Epstein Survivor Sues US, Google Over Release of Personal Data

Epstein Survivor Sues US, Google Over Release of Personal Data
Source: Bloomberg Business

A woman who claims Jeffrey Epstein sexually abused her filed a lawsuit claiming the US government and Alphabet Inc.'s Google failed to protect her identity and that of other victims amid the release of millions of pages of records about the disgraced financier.

The lawsuit, which seeks class-action status, claims the Department of Justice violated US law requiring it to remove her personal identifying information from public disclosure when it released records required by the Epstein Files Transparency Act.

Those documents included the names, phone numbers, email addresses, occupations and photos of alleged victims of Epstein's sexual abuse and sex trafficking, according to the lawsuit. The failure to protect that personal information showed a "reckless disregard" for victim privacy and resulted from inadequate review and redaction procedures, the suit alleged.

"The United States intentionally prioritized volume and speed of public disclosure over the safety and privacy of Epstein survivors, adopting a release now, retract later approach that made unlawful disclosures of" personal identifying information about the victims "not merely foreseeable, but inevitable," lawyers for the woman wrote in a lawsuit filed Thursday in a California federal court.

While the US acknowledged improper disclosures and removed some from the Justice Department website, "the unredacted documents remain available on publicly available websites," including those hosted by Google, and "has done nothing to demand their removal," the woman's lawyers said in the suit.

Spokespeople for the Justice Department and Google didn't immediately respond to requests for comment.

The lawsuit, by a California woman called Jane Doe 1, claims that Google's AI Mode's enhanced search experience generates content allowing anyone to contact victims. After the DOJ's release of unredacted files, Google indexed and cached materials that including personal information, the suit claimed.
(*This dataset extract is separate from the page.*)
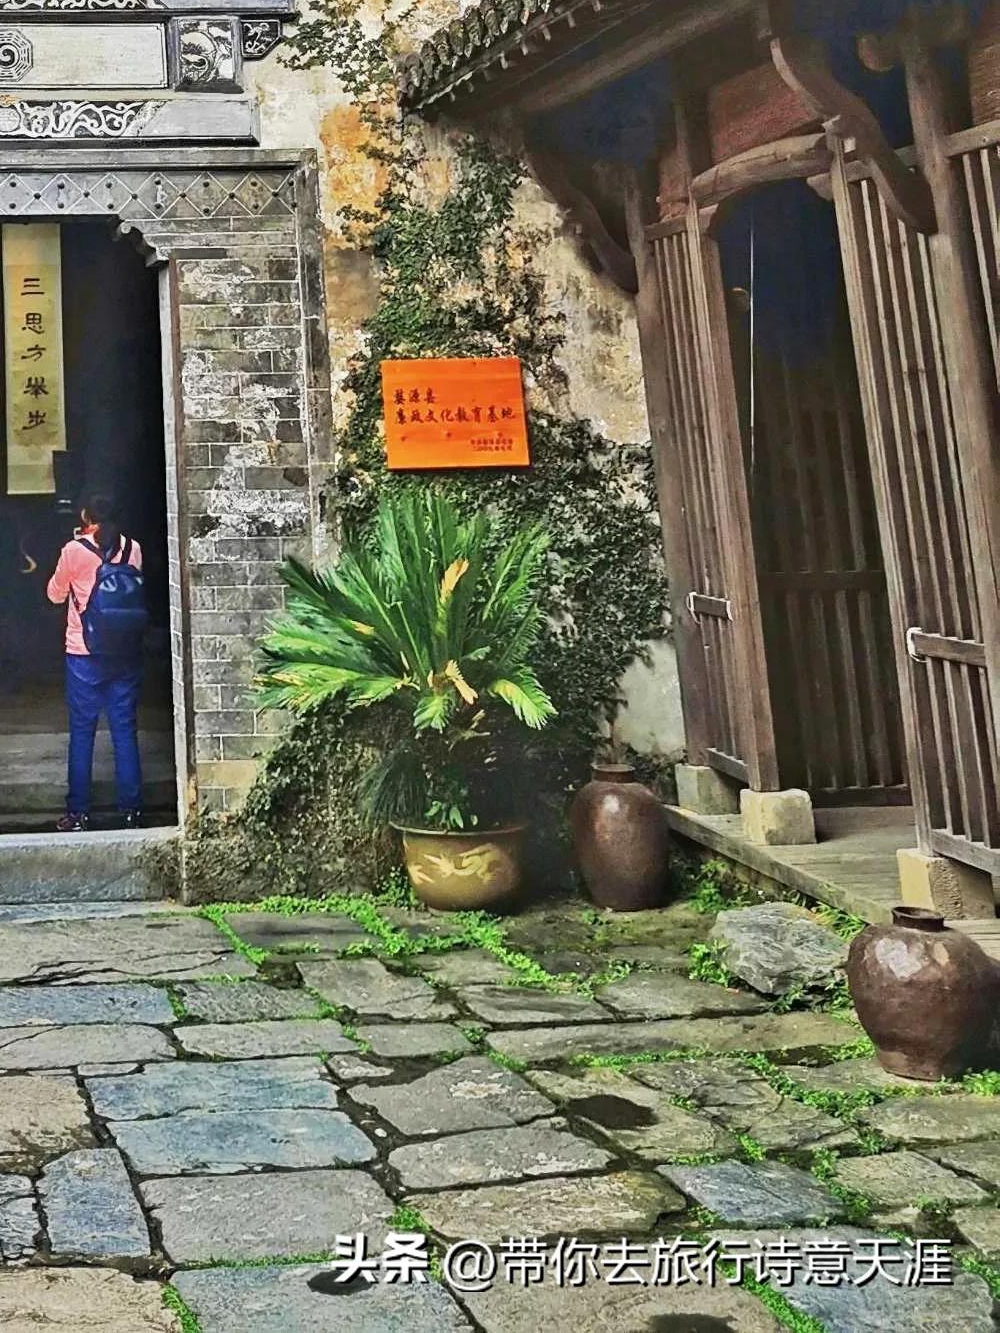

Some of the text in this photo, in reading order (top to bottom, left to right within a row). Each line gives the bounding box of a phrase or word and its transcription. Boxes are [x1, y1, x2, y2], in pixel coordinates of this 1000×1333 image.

As a result, searches for names of survivors, or "searches combining their names with terms such as 'Epstein,' 'victim,' or 'survivor,' produce content in Google AI Mode displaying victims' full names, contact information, cities of residence, and association with Jeffrey Epstein," the complaint said.

Lawyers for Jane Doe 1 asked Google to remove references to her in relation to the Epstein files, but the company "has failed and refuses to remove, de-index, or block access to the offending materials," according to the complaint.

Google still displays personal information about Jane Doe 1 and other victims "in search results, cached pages, and archived materials, effectively republishing the unlawful disclosure and making it permanently and globally accessible," according to the complaint.

It claims that Google's "search, indexing, caching, and AI-generation capabilities to take already exposed victim PII and project it to a vastly larger audience, in more powerful and synthesized ways, than the underlying government site ever could."

The lawsuit claims the Justice Department violated the Privacy Act of 1974. It also claims Google violated California civil law by engaging in negligence, invasion of privacy, and unlawful business practices. It seeks an order requiring Google to "remove, de-index and case displaying" the personal identifying information of victims. It seeks compensatory and punitive damages, and it asks a judge to certify a class of victims.

The case is Jane Doe 1 v. United States of America, 26-cv-2624, US District Court, Northern District of California.